We are reconnecting with and meeting Jayshree Raveendran after 12 years. But we discover that she hasn’t changed at all. She, as always, exudes warmth and provides very sharp perspective – that makes you pause and think – on the work she leads at the Ability Foundation.
But the conversation that Vaani and I had with her one morning, earlier this month, was on a subject that made Jayshree very reflective. We spoke about happiness.
Listening to her speak, you can’t but marvel at how miraculous Life is, even as it is so inscrutable. Jayshree can’t hear. A childhood accident left her hearing impaired. But she can read your lips and responds with amazing diction and simplicity – she’s very articulate and very, very, inspiring.
As I laid out the context for our meeting and thanked her for her time, she responded: “We are complicating the word happiness. Nothing makes you happy or unhappy in the true sense. It is a feeling. For example, when faced with a tragedy, when you find the inner strength to cope with the situation, when you get up, dust yourself and move on, that feeling is happiness. And so, your view of happiness can be very different from another’s. What happens when you don’t move on with your Life? You slip into depression. So either you move on or you stay depressed. Happiness is the feeling when you move on and unhappiness is what you feel when you stay depressed.”

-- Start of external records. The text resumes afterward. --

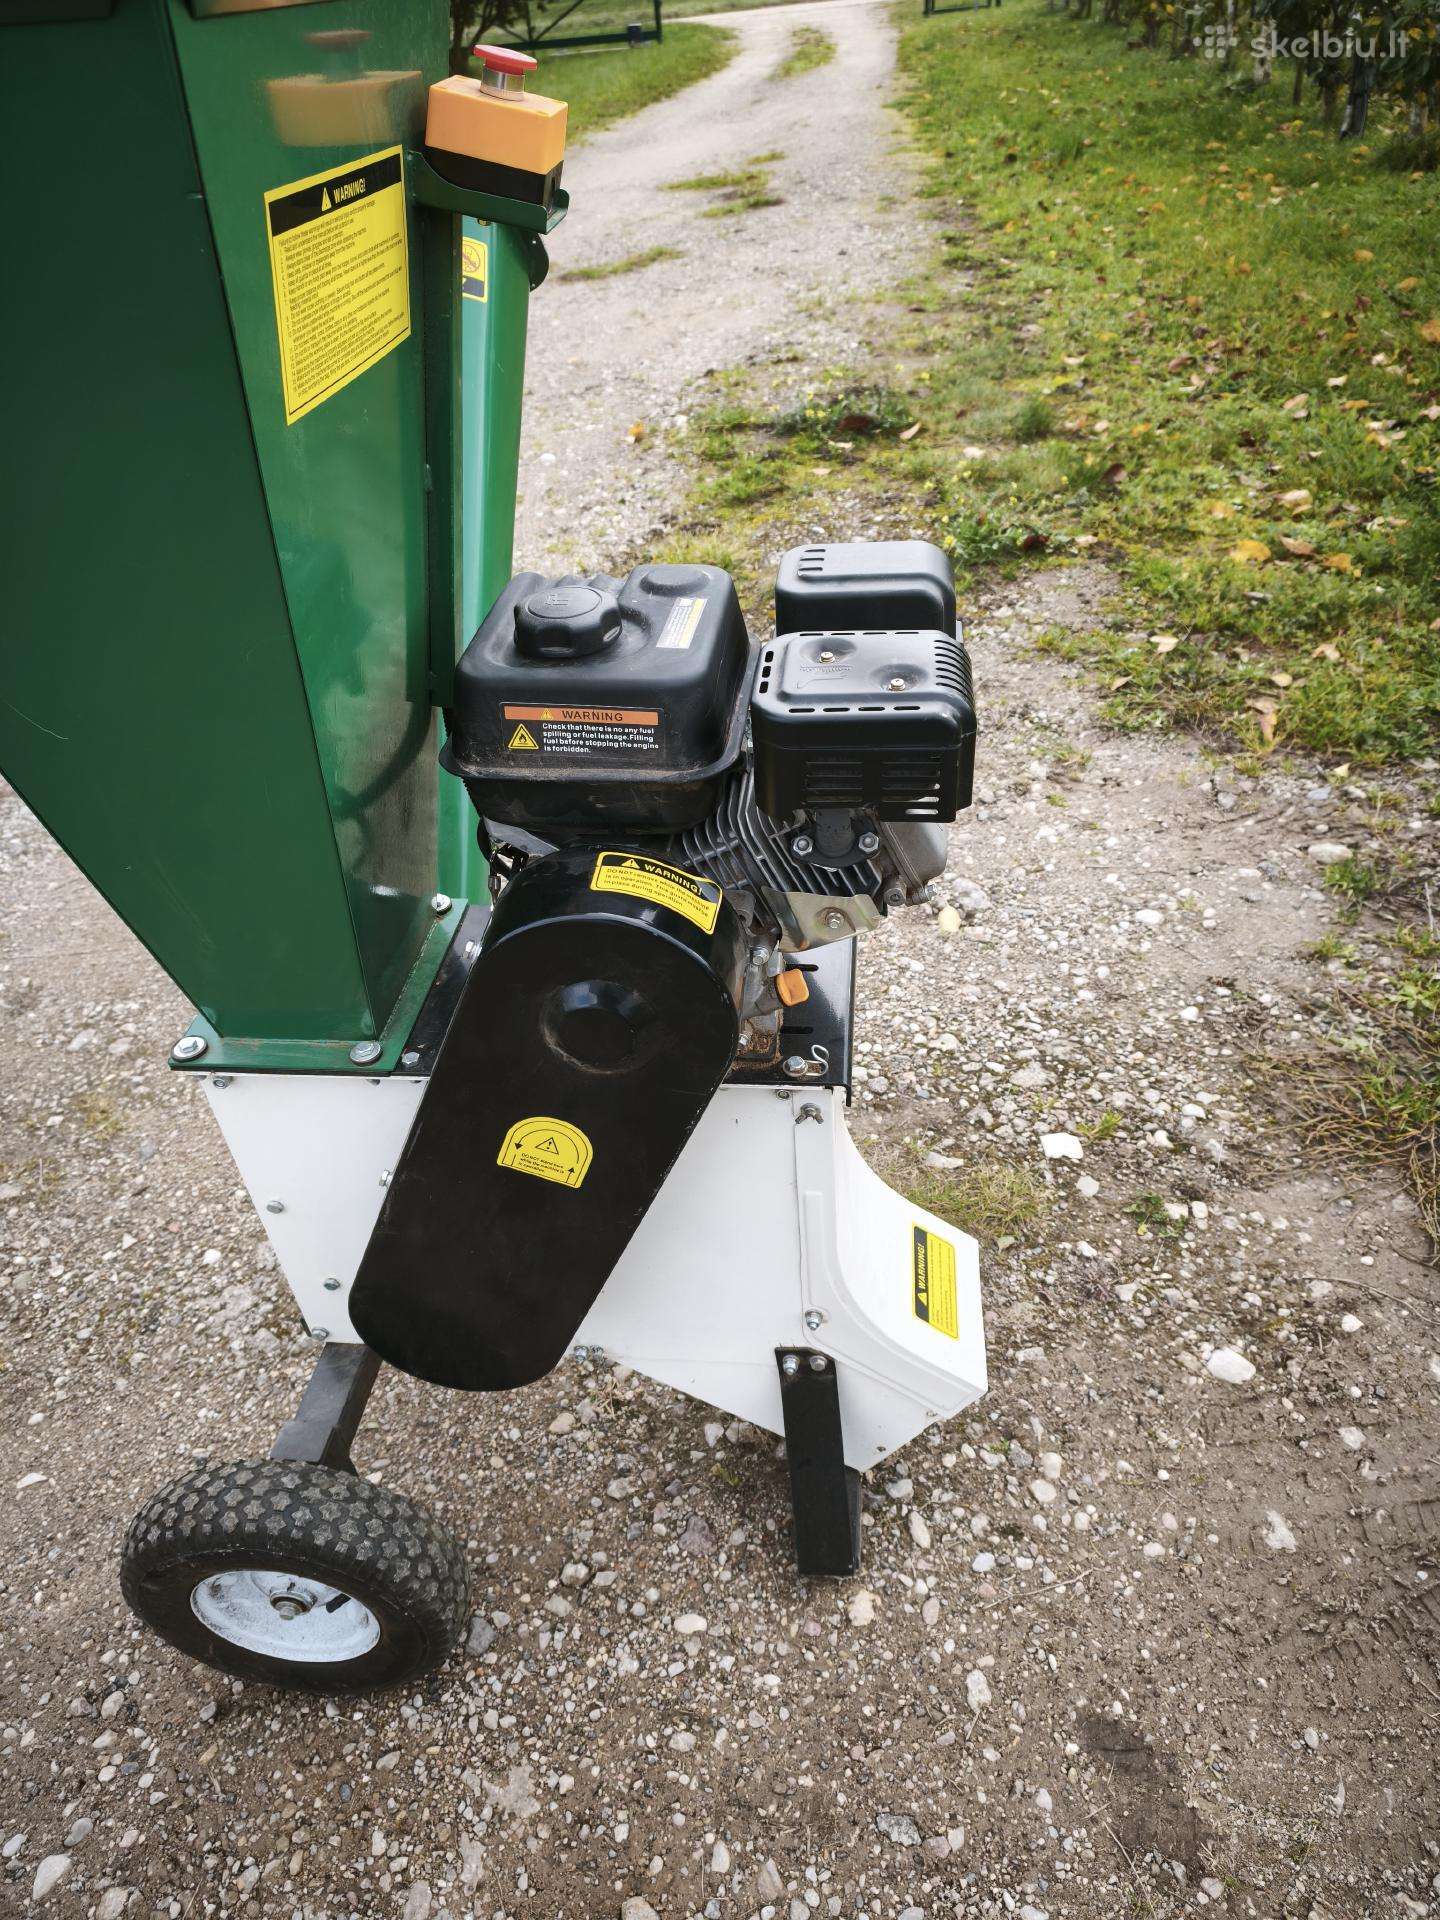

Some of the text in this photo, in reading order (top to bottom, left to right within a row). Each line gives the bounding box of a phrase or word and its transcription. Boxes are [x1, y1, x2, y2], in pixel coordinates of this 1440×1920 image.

[333, 178, 366, 204] WARNING!
[562, 710, 623, 721] WARNING
[583, 724, 603, 732] there
[585, 739, 618, 748] stopping
[645, 863, 703, 895] WARNING!
[918, 1243, 926, 1290] WARNING!

I never managed to ask Jayshree if she has read Osho. But her thoughts pretty much mirror what Osho has always said about Life – and happiness. There’s a poetic quality to her perspectives even as they are very direct and crystal clear. She says, for instance, that she does have those times when she tears up, when she feels lost and is in pain. The last five years have been particularly challenging for Jayshree. In 2011, she lost her mother who was, apart from being a remarkable human being, a “friend, philosopher and guide”. Then she lost her husband, another huge pillar of strength, in December 2013. There was obviously, she confesses, a lot of heartache: “The pain is intense. It is like somebody is cutting you up. So I feel happiness is so abstract. I can deal with happiness only as how I am feeling at a particular time. I have learnt that you must be happy when you are happy. And when you are unhappy, be unhappy. Don’t ever ask why? I believe a lot in karma and destiny. And if you treat everything as a prasad from God, then you can cope with any situation. But yes, when there is enormous pain inflicted on you by Life, it is difficult to be accepting of what Life is serving you. It is very difficult to see Life then as God’s prasad in such times.”

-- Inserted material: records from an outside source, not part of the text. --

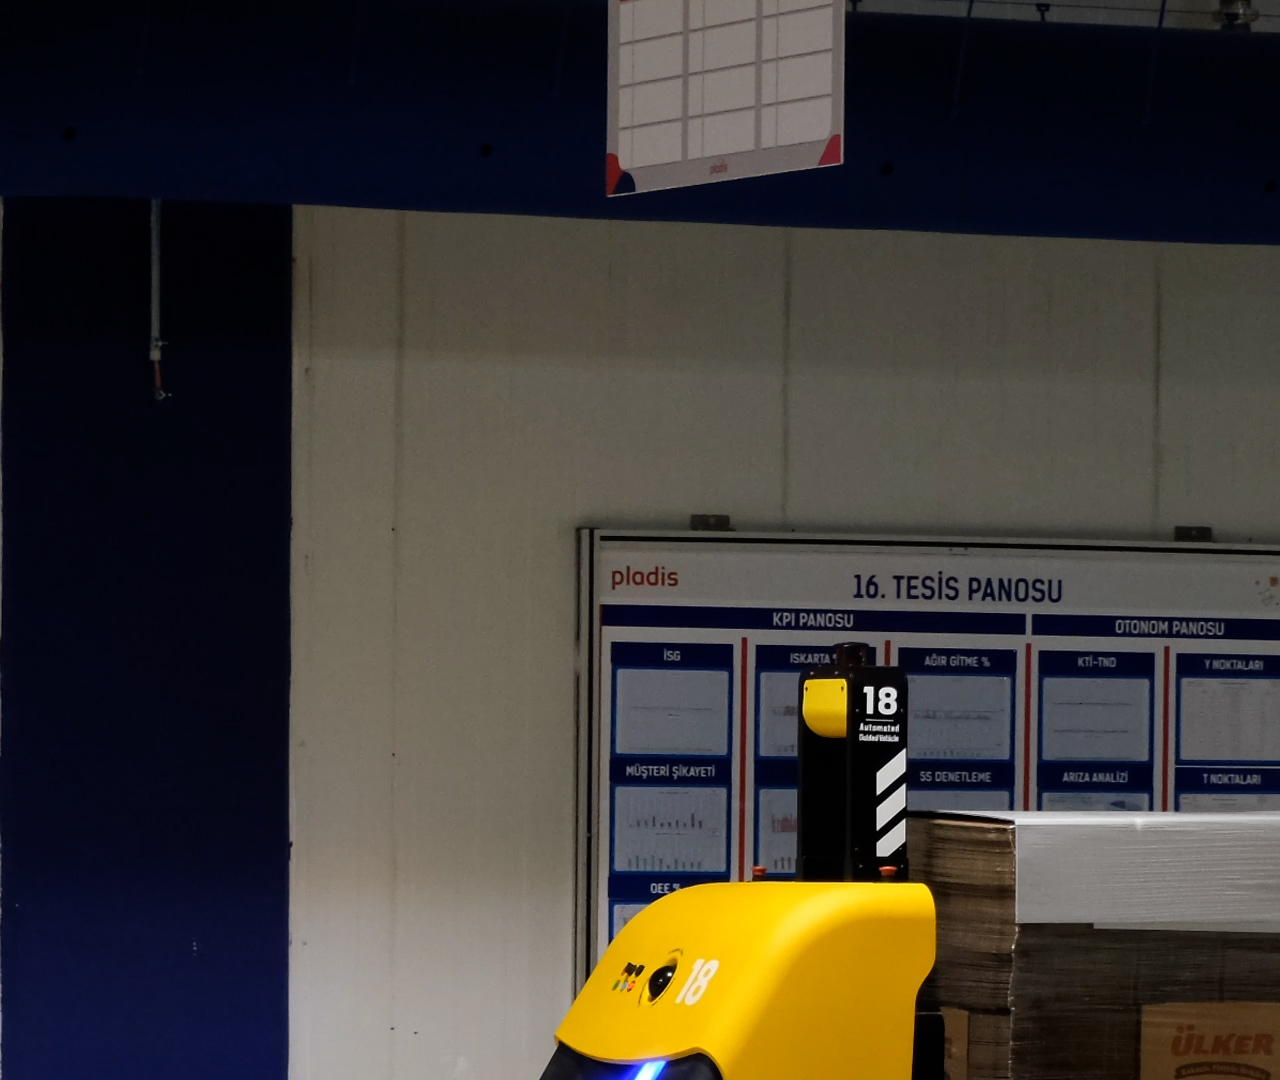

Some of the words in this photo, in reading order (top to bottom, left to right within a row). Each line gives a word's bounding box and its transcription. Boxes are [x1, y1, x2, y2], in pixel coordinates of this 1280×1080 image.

[612, 566, 679, 590] pladis
[853, 574, 885, 600] 16.
[892, 570, 960, 602] TESİS
[968, 577, 1063, 603] PANOSU
[772, 612, 795, 627] KPI
[799, 613, 854, 628] PANOSU
[1115, 619, 1168, 634] OTONOM
[1172, 621, 1225, 636] PANOSU
[663, 649, 681, 661] İSG
[790, 652, 830, 664] ISKARTA
[924, 653, 947, 666] AĞIR
[950, 654, 979, 667] GİTME
[981, 656, 991, 667] %
[1204, 659, 1210, 669] Y
[1212, 659, 1264, 670] NOKTALARI
[863, 686, 898, 715] 18
[626, 764, 670, 779] MÜŞTERİ
[672, 764, 716, 780] ŞİKAYETİ
[935, 771, 992, 782] DENETLEME
[1062, 772, 1090, 783] ARIZA
[1091, 770, 1129, 783] ANALİZİ
[1209, 774, 1262, 785] NOKTALARI
[650, 883, 670, 893] OEE
[674, 958, 719, 1007] 18
[1171, 1024, 1274, 1057] ÜLKER
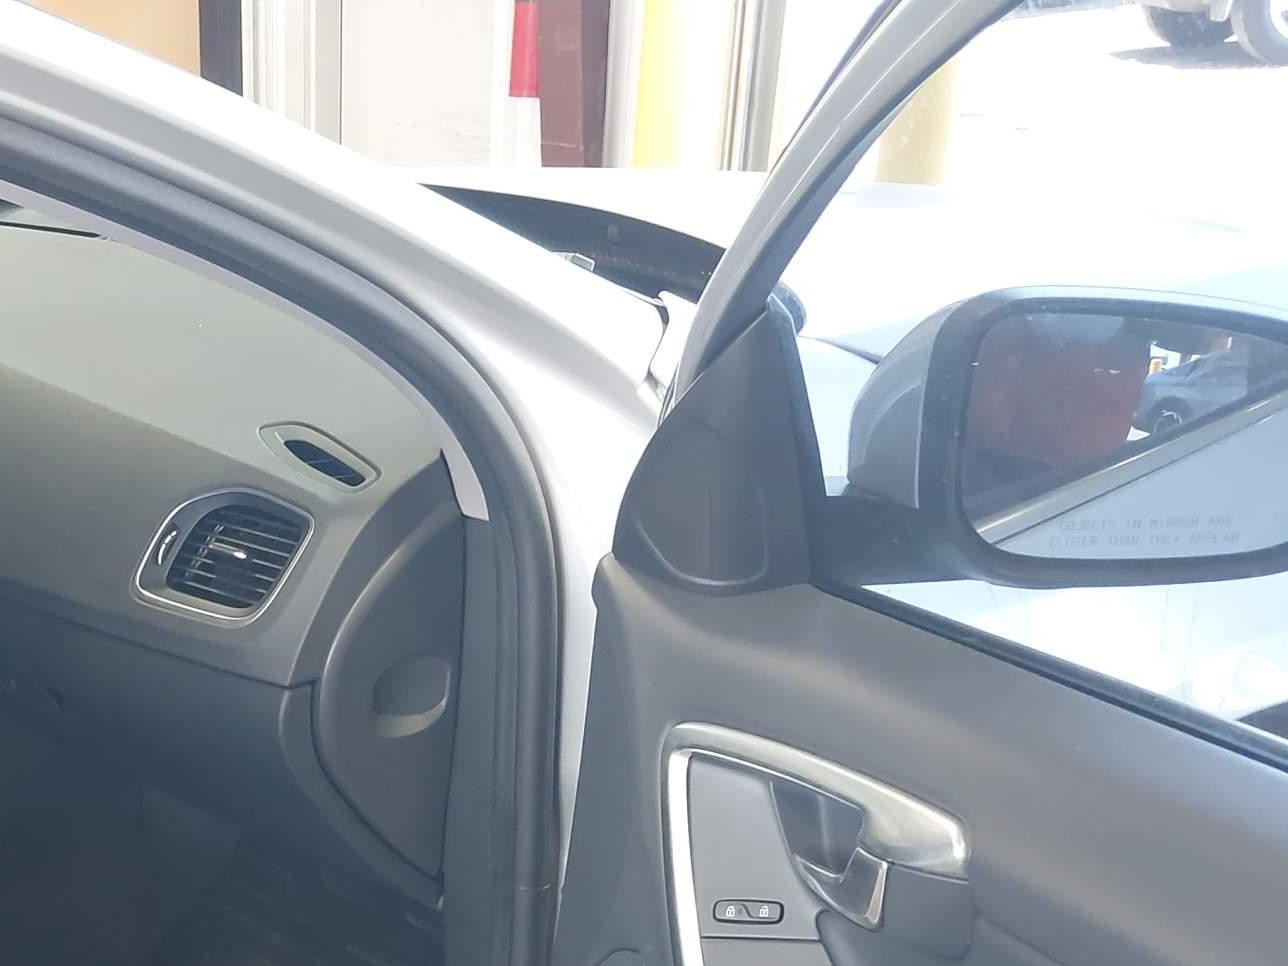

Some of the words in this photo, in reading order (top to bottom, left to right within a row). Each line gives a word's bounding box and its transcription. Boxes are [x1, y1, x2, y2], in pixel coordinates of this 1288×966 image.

[1127, 518, 1142, 530] IN
[1108, 534, 1140, 546] THAN
[1149, 533, 1180, 545] THEY

There’s something subliminal about being in conversation with Jayshree. You can sense the equanimity about her. And that perhaps comes from learning to live without something basic – that we all take for granted, our hearing – for all your Life. Just consider her inspiring perspective here: “It is okay if you can’t do somethings in Life. Some can hear. Some can’t hear. I have learnt to focus on what I can than focusing on what I can’t. This is what Life and living is all about. And the lifetime we have, in the larger cosmic design, is only the tip of the iceberg. Someday, I hope to be able to understand the meaning of Life…and death. Until then, I live by the twin principles my husband has taught me – don’t complain, don’t expect sympathy!”

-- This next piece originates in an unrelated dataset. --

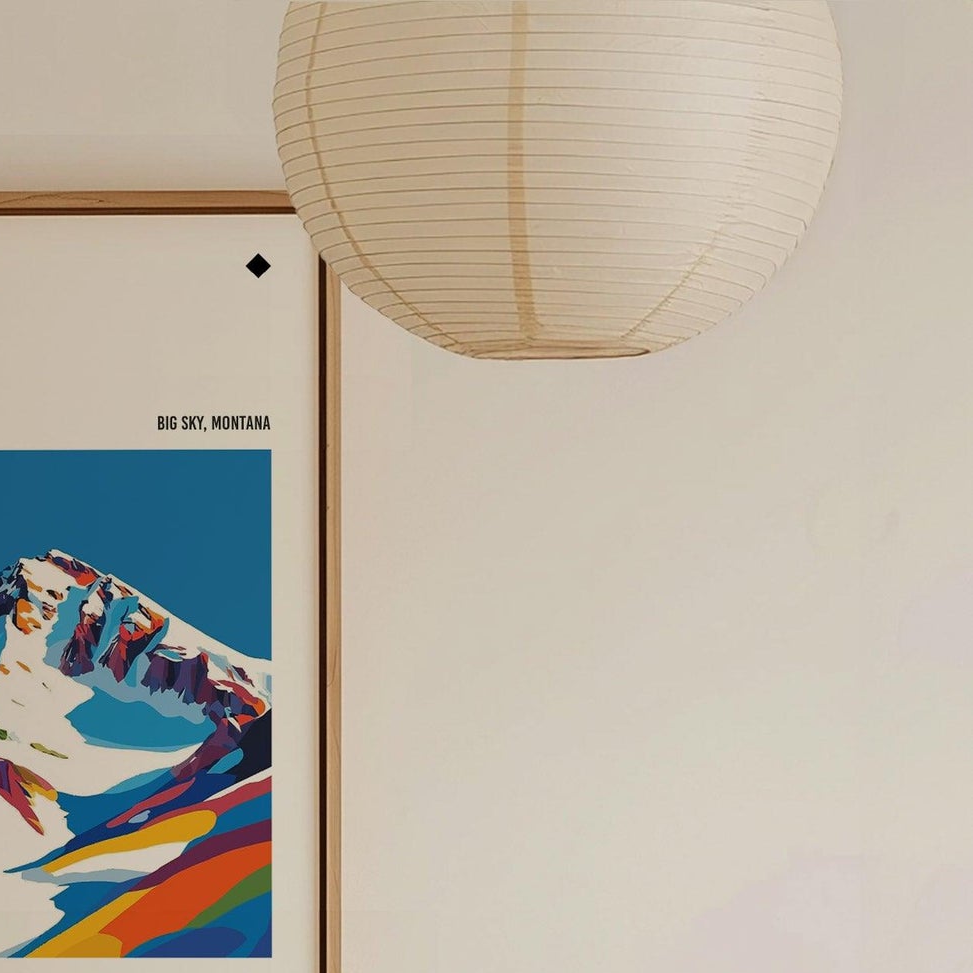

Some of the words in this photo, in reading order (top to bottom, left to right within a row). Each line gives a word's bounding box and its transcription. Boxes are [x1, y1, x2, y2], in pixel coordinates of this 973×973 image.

[157, 415, 178, 431] BIG
[181, 415, 207, 433] SKY,
[211, 415, 271, 431] MONTANA
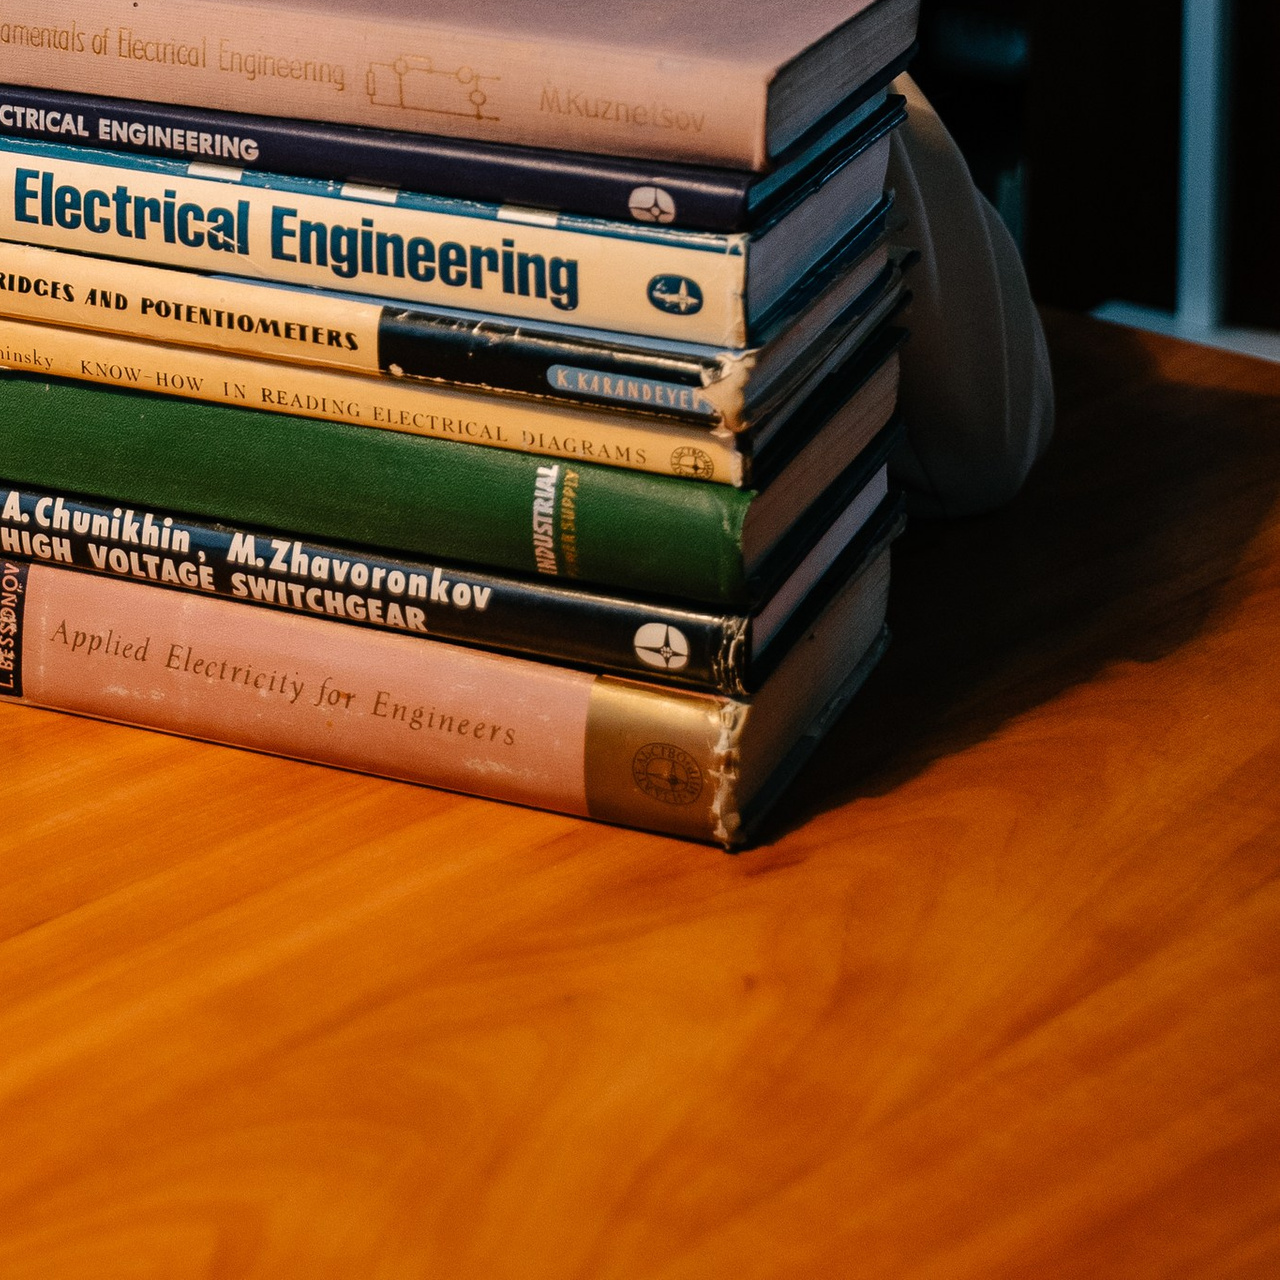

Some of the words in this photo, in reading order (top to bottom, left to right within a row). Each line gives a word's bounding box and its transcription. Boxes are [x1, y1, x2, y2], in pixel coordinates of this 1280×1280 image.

These principles are what must have led Jayshree to take her seeking spirit and anchor it with the cause behind her Ability Foundation – an organization that works with specially-abled people. Growing up in Chennai, every time she visited the beach, she said she was always irked when she saw the tin roof of an organization – with the name ‘Madras Association of the Deaf’ emblazoned on the roof – in Santhome. She questioned why society was labeling people as disabled. Why a special place for the deaf, for the blind, for spastics? She argued that people with disabilities were people first – they needed understanding and opportunity, not reservation, not pity. So Ability Foundation was born in 1995; and has today evolved into an institution that is built to last. Jayshree serves us all a gentle reminder of the transient nature of Life when she says, “Every human being is temporarily able-bodied! Everyone, if you live long enough, will be disabled soon.”
How simple. How thought-provoking. As I internalized this awakening point of view, and we got into our Uber cab to ride back home, I replayed what Jayshree had to say as our conversation wound down: “Happiness is an understanding. It is what you feel when you know how you are feeling.”